Os defensores do proibicionismo apresentam como seu principal argumento a necessidade de proteger as pessoas dos actos cometidos por si próprias, especialmente quanto praticados pelos mais jovens.
Uma primeira observação que ocorre é a estranheza de - sabe-se lá como! - haver um conjunto de seres virtuosos que conseguem não só escapar a imanente fraqueza humana de cedência aos prazeres fáceis como ainda participar, activamente, no combate ao flagelo social associado ao consumo das drogas nomeadamente através do recurso ao aparelho coercivo do Estado.
Ultrapassada esta perplexidade de ordem moral e biológica (haverá mutações genéticas que bafejem os "virtuosos"?), dir-se-ia que a preocupação principal dos proibicionistas se deveria centrar na eficácia das suas acções. Por exemplo: está a diminuir o número dos consumidores de estupefacientes? Os preços das diferentes drogas têm vindo sustentadamente a subir (sinal de escassez relativa de oferta)? A população prisional relacionada com o consumo e comércio tráfico de drogas tem vindo a decrescer? Em especial, o crime violento relacionado com os narcóticos tem vindo a descer?
Um último comentário a uma objecção clássica que "prova" que o combate às drogas tem vindo a conseguir "importantes sucessos" - o de que as capturas de drogas ilegais não têm cessado de aumentar. Repare-se que, mesmo admitindo a veracidade desta asserção, ela não invalida que se verifique, na realidade, um fracasso da Guerra às Drogas. Bastará que o volume de drogas que chegue ao mercado de consumo não diminua, e até mesmo aumente, para que o argumento do número de cargas interceptadas seja logicamente inválido para classificar o "sucesso" da Guerra.

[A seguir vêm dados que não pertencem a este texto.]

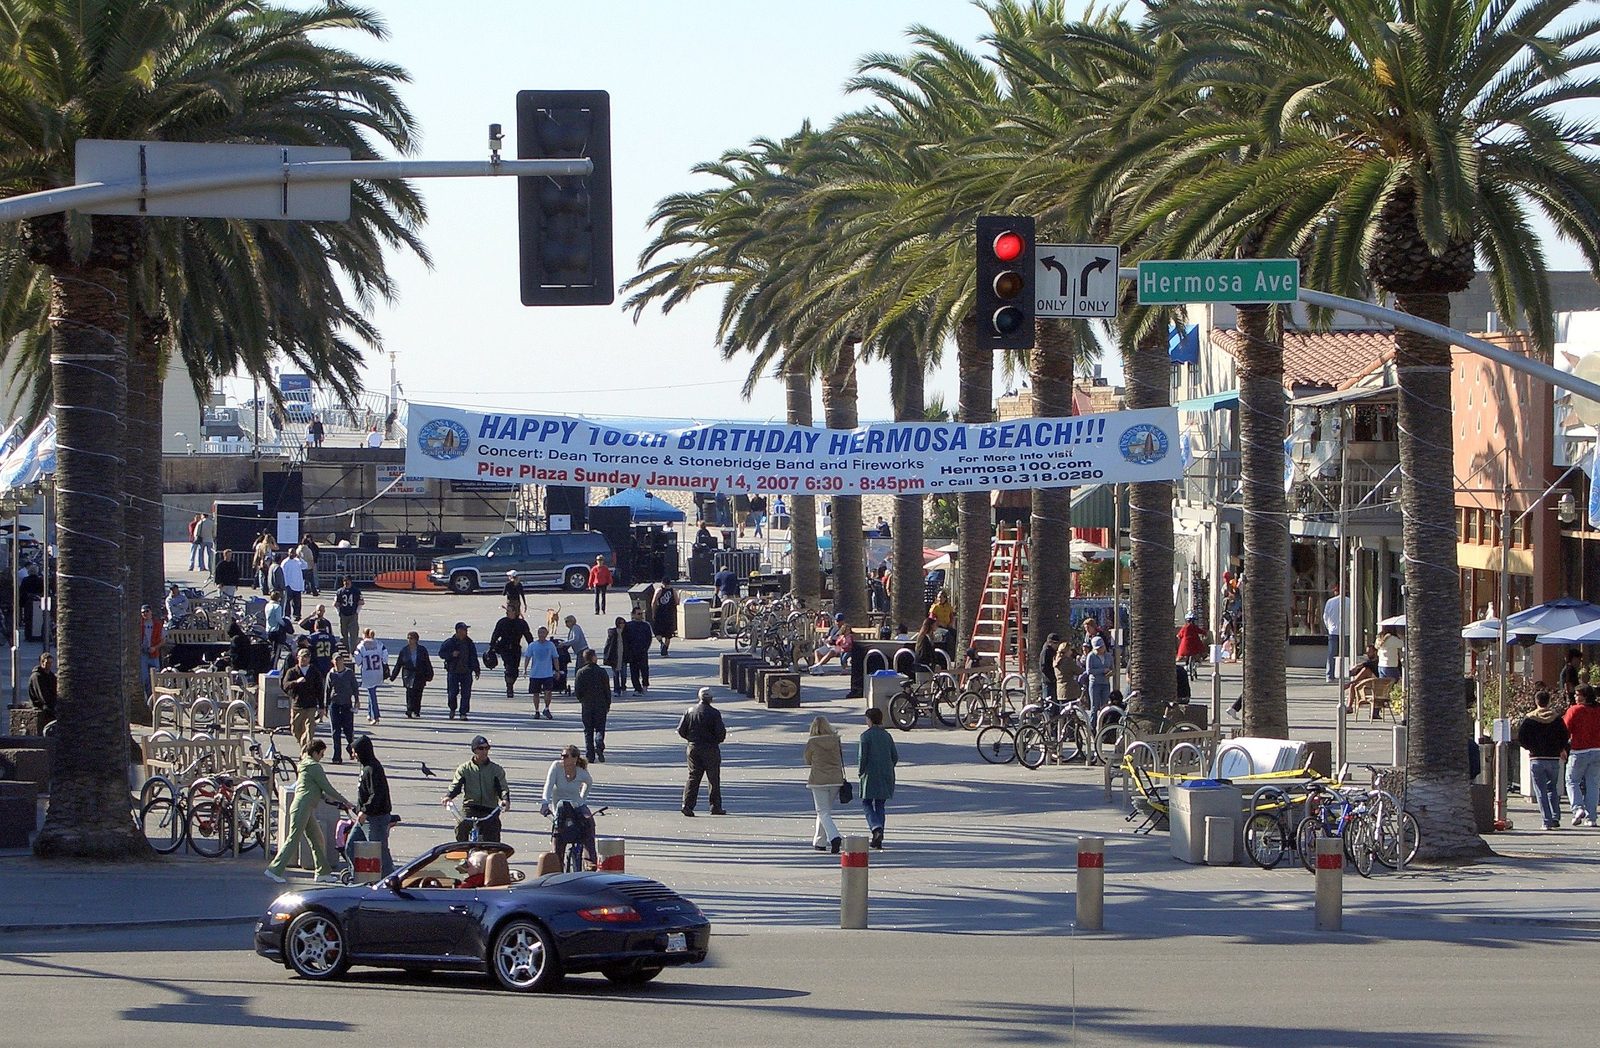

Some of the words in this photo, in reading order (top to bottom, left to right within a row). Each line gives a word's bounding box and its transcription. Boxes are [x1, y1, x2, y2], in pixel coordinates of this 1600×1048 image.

[1144, 272, 1242, 293] Hermosa
[1254, 271, 1293, 292] Ave
[1037, 300, 1067, 312] ONLY
[1079, 300, 1110, 312] ONLY
[478, 415, 578, 444] HAPPY
[589, 427, 668, 448] 100th
[677, 428, 821, 454] BIRTHDAY
[828, 427, 967, 455] HERMOSA
[979, 419, 1106, 449] BEACH!!!
[478, 444, 543, 459] Concert:
[548, 450, 587, 462] Dean
[592, 452, 658, 465] Torrance
[663, 455, 674, 465] &
[679, 456, 771, 471] Stonebridge
[776, 459, 815, 470] Band
[820, 460, 847, 470] and
[853, 459, 924, 470] Fireworks
[1047, 450, 1073, 458] visit
[940, 460, 1092, 475] Hermosa100.com
[477, 462, 513, 477] Pier
[519, 464, 568, 481] Plaza
[574, 467, 641, 488] Sunday
[646, 471, 719, 491] January
[726, 475, 751, 492] 14,
[757, 476, 799, 490] 2007
[805, 476, 843, 490] 6:30
[860, 476, 925, 493] 8:45pm
[949, 478, 973, 487] Call
[979, 470, 1104, 485] 310.318.0280
[341, 593, 354, 607] 34
[315, 641, 331, 657] 23
[364, 654, 381, 671] 12

Neste artigo do New York Times, Numbers Tell of Failure in Drug War, abordam-se com clareza estes dois últimos aspectos que poderíamos classificar de "económicos". Alguns excertos de um artigo cuja leitura integral recomendo (realces meus):
When policy makers in Washington worry about Mexico these days, they think in terms of a handful of numbers: Mexico’s 19,500 hectares devoted to poppy cultivation for heroin; its 17,500 hectares growing cannabis; the 95 percent of American cocaine imports brought by Mexican cartels through Mexico and Central America.

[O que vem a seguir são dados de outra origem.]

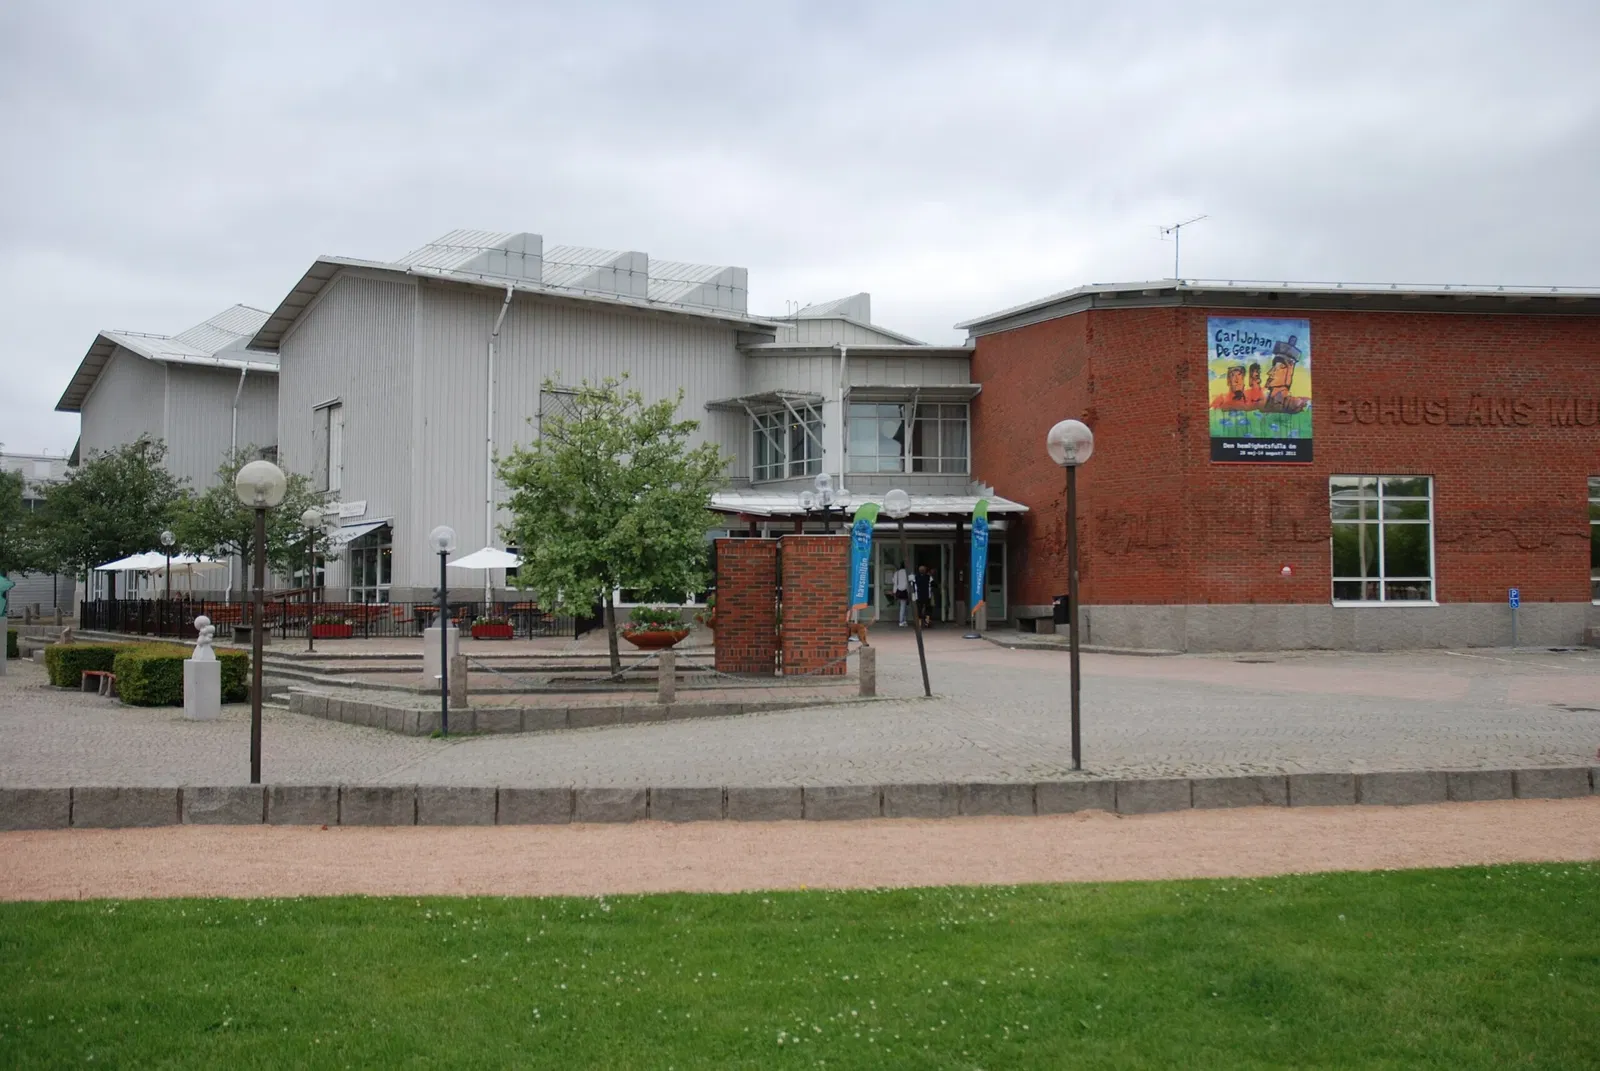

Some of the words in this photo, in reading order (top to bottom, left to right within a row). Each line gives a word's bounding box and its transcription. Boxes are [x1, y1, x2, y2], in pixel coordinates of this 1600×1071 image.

[1215, 329, 1240, 343] Carl
[1241, 331, 1272, 348] Johan
[1216, 344, 1230, 358] De
[1232, 344, 1257, 356] Geer
[1331, 393, 1534, 427] BOHUSLÄNS
[1548, 396, 1600, 426] MU

They are thinking about the wrong numbers. If there is one number that embodies the seemingly intractable challenge imposed by the illegal drug trade on the relationship between the United States and Mexico, it is $177.26. That is the retail price, according to Drug Enforcement Administration data, of one gram of pure cocaine from your typical local pusher. That is 74 percent cheaper than it was 30 years ago.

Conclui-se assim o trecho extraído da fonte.